The Revisionaries

Home > Other > The Revisionaries > Page 36
The Revisionaries Page 36

by A. R. Moxon


  When it had passed, the room in which you found yourself was recognizable as an artist’s studio, or perhaps an architect’s. In one corner of the room a drafting table presided, its surface lit comprehensively by two powerful lamps on adjustable stems. On the walls, a mob of framed art and keepsakes. Lower down, along the length of the far wall, a low huddle of heavy steel cabinets provided a surface for a desultory repository: stacks of paper, assorted action figures and other toys, cereal boxes, wine bottles, dirty dishes, bric-a-brac. Checking the cabinets, you found, maintained as precisely and specifically as the stacks atop were haphazard, an array of individual paper sleeves, each of which contained a single page of original art—comic book art, by the look of it, with Cat’s Crib scrawled in an upper corner along with an issue and page number. So: not an architect’s drafting table, but one belonging to an artist…of sorts. A comic-book artist. An author.

  Your door—looking behind you—yes, it was still there, half-open and you could see the cavern beyond. Good. You judged it safe to reconnoiter further.

  The size and appointment of the house testified to the author’s success, and a brief investigation in the kitchen turned up recent mail, which provided his name: Landrude Markson, of Knoxville TN. Returning to the studio, you reviewed the trays holding the archives of the author’s work, the walls festooned with praise and awards, the shelves holding the collected published work to date in nine evenly sized volumes. You smoked and read, recognizing the feel of the world therein, but not your part of it. Nothing of Pigeon Forge, only some silly place, a parody of a city, some garish approximation of a slum called “Loony Island.” A ridiculous story. Daniel “Donk” Donkmien? Bailey and Boyd Ligneclaire? Unrecognizable characters, in an unrecognizable place, with adventures as meaningless as they were puerile. Fools yowling absurd catchphrases. You read faster, impatient to finally find yourself in the narrative—Yes, here you are at last. The most recent pages taking the form of a flashback; the history in Tennessee of the Love clan, as explained to Donk, Boyd, and Bailey by a skittery, jittery, stammering inmate of the nearby mental institute, once a well-spoken college professor, now an escapee from your oubliettes. In the most recent pages the inmate described your recent encounter with your father, specific enough to give you a sense of nausea, or vertigo—Your recent past on a page, a doubling not of vision, but of memory.

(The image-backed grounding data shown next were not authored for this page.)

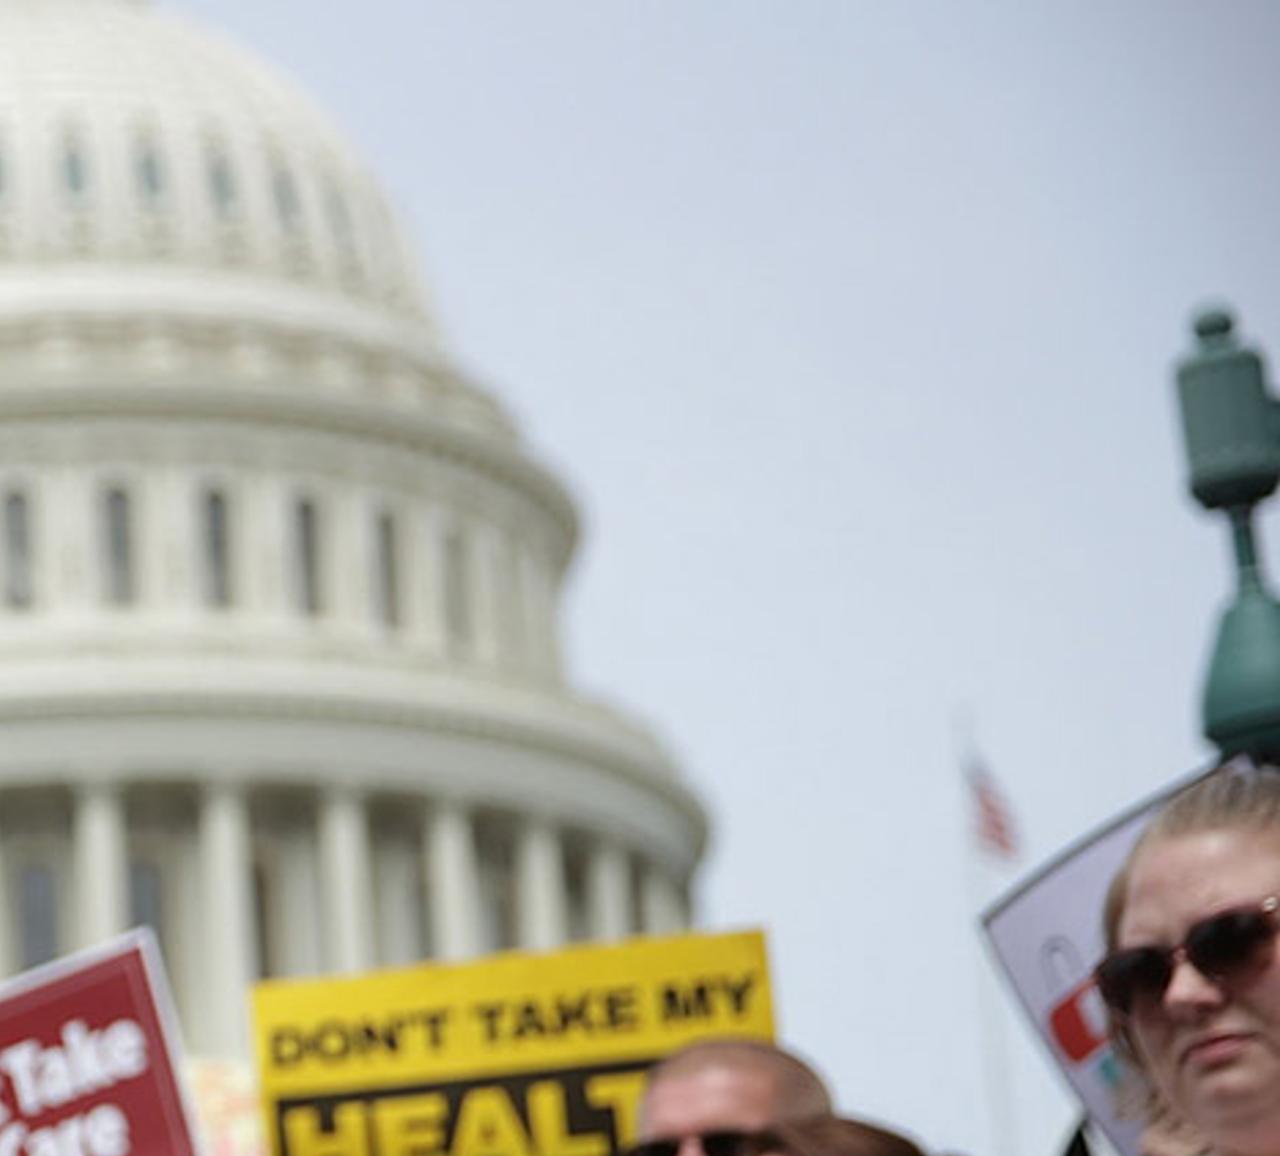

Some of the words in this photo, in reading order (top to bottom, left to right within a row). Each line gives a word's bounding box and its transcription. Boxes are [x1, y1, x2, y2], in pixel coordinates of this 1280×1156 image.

[270, 1004, 446, 1066] DON'T
[480, 986, 636, 1042] TAKE
[662, 974, 756, 1022] MY
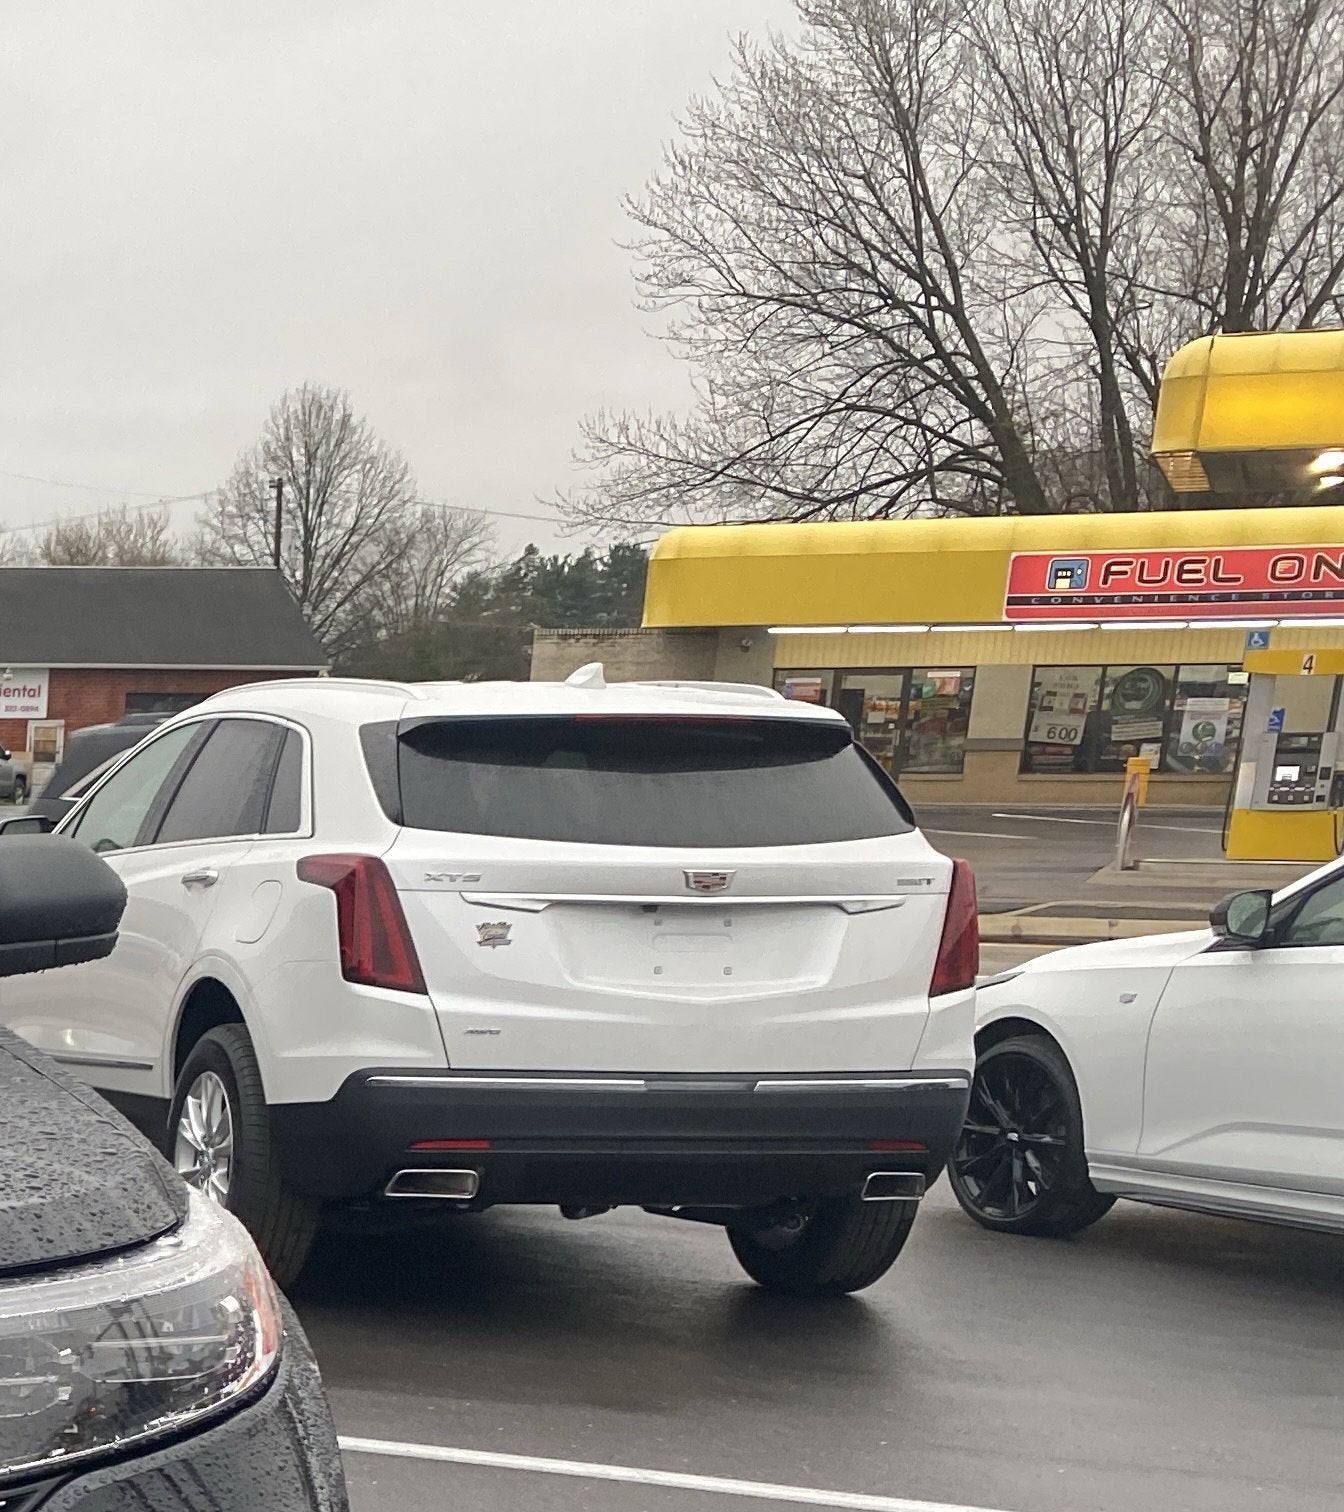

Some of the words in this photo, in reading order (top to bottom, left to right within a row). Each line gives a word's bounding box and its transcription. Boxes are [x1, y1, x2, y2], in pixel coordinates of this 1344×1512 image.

[1099, 556, 1243, 588] FUEL
[1031, 593, 1239, 605] CONVENIENCE
[1303, 654, 1314, 674] 4
[1047, 726, 1078, 741] 600
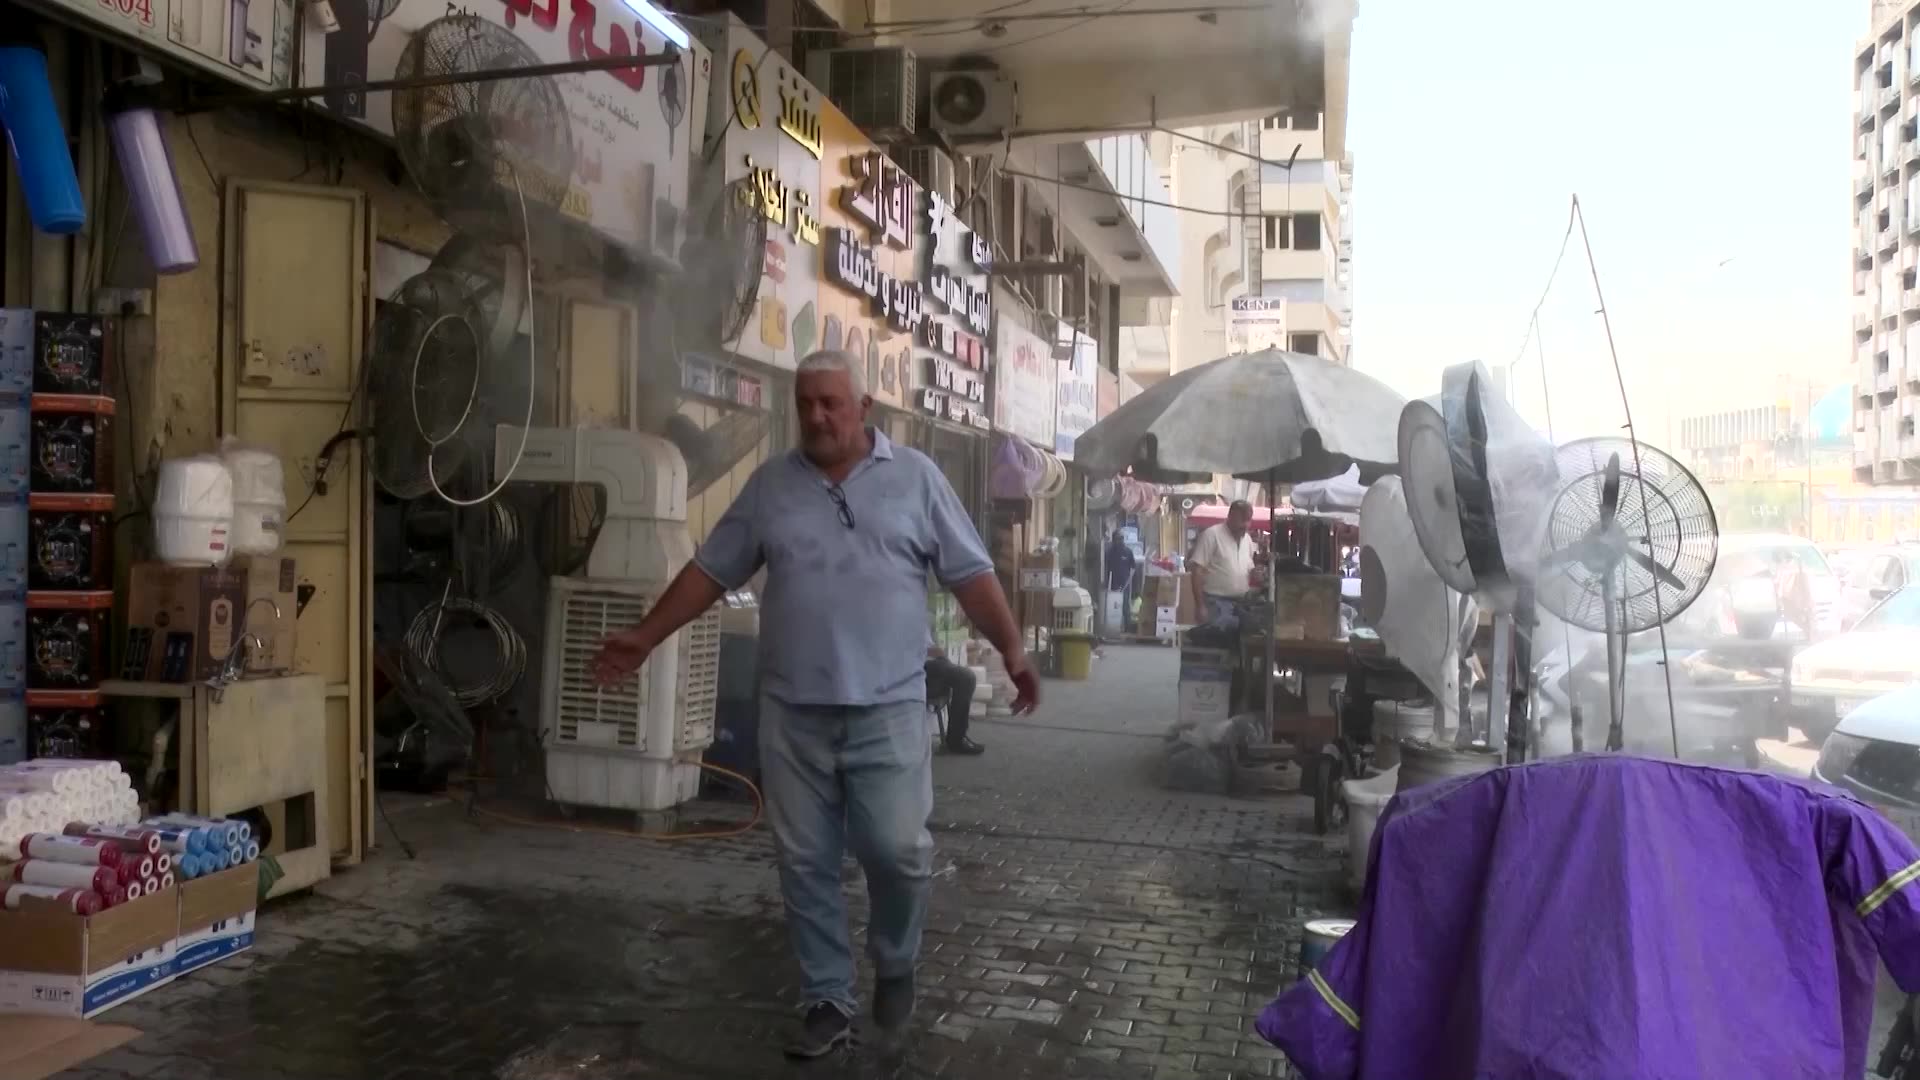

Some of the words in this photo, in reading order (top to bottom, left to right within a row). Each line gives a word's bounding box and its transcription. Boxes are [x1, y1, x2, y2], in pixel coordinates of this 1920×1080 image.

[845, 151, 914, 250] الفرات
[894, 280, 924, 333] تبريد
[1237, 299, 1273, 310] KENT
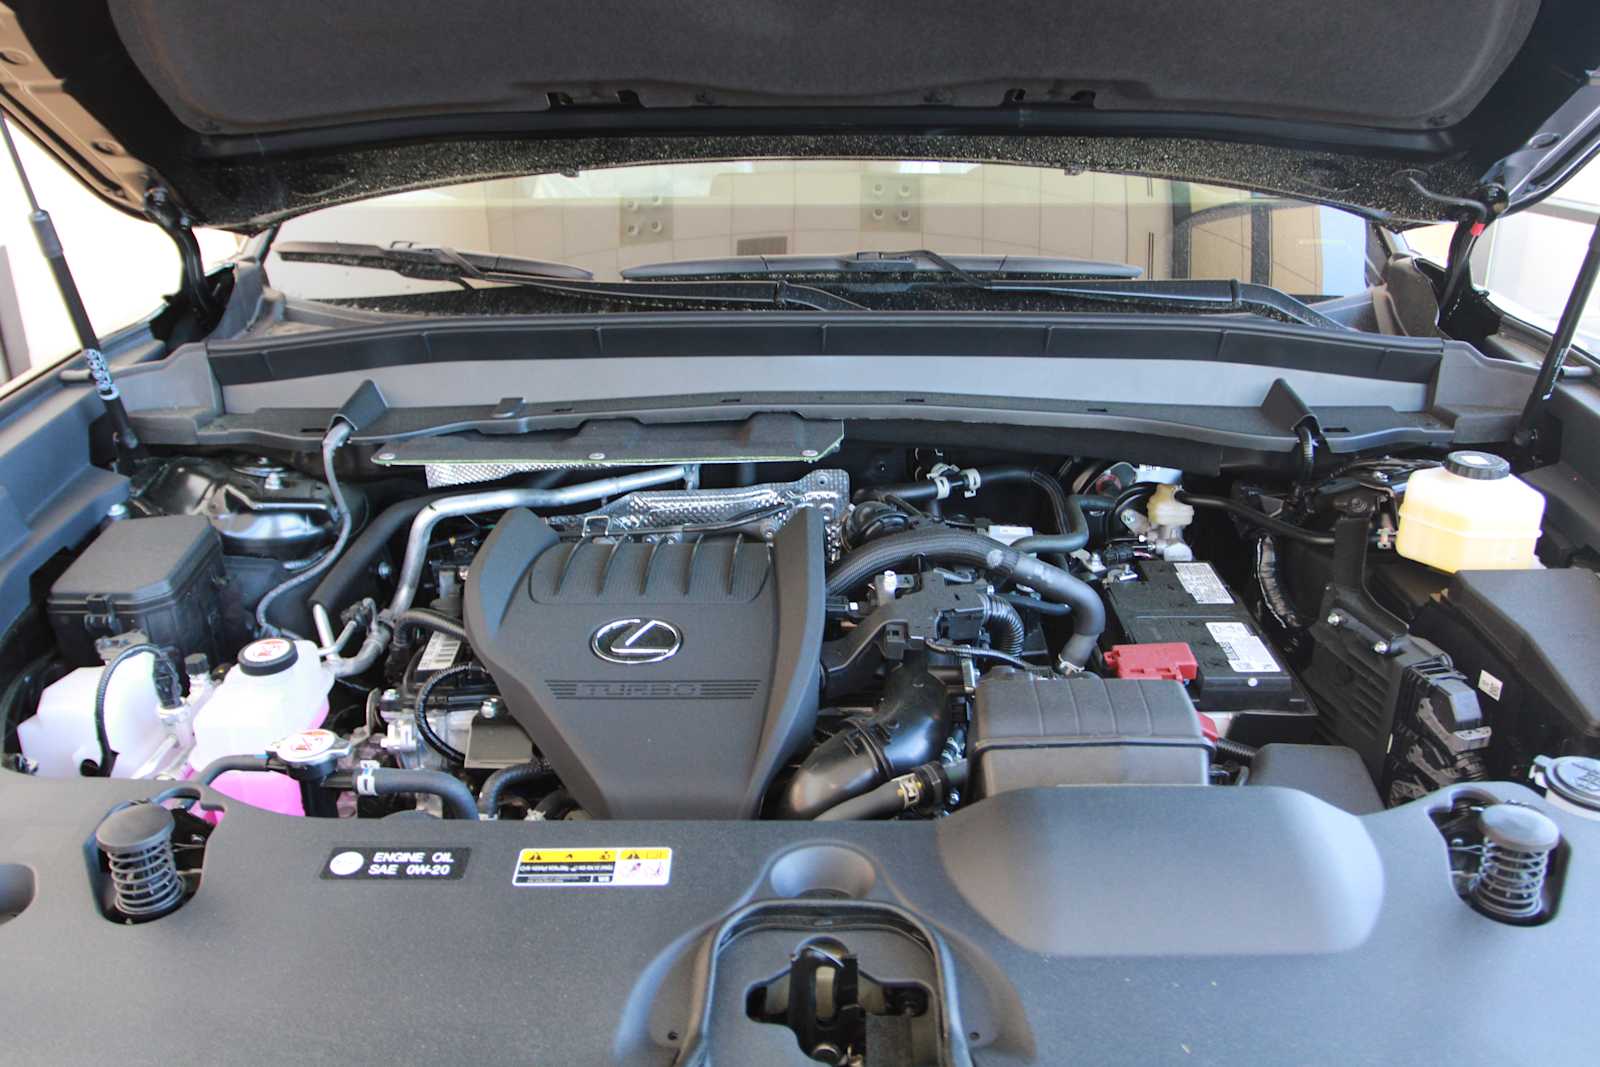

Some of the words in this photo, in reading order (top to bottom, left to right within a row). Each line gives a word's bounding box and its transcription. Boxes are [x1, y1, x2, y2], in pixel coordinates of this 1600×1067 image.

[581, 683, 698, 697] TURBO
[373, 852, 426, 863] ENGINE
[431, 852, 454, 863] OIL
[368, 864, 399, 875] SAE
[406, 864, 450, 875] 0W-20

  You hadn’t yet been the author, you still inhabited the lie, your life as a mere character; you hadn’t yet learned anything else about this “Landrude”—but in that moment you knew, with unassailable certainty, this was your great enemy. Whatever place this was you’d found behind the door, whatever power allowed the author to maintain ownership of it, you immediately claimed them as your own rightful property—yours, and stolen from you. This author, who had wrongfully claimed both place and position, would need the correction of an oubliette.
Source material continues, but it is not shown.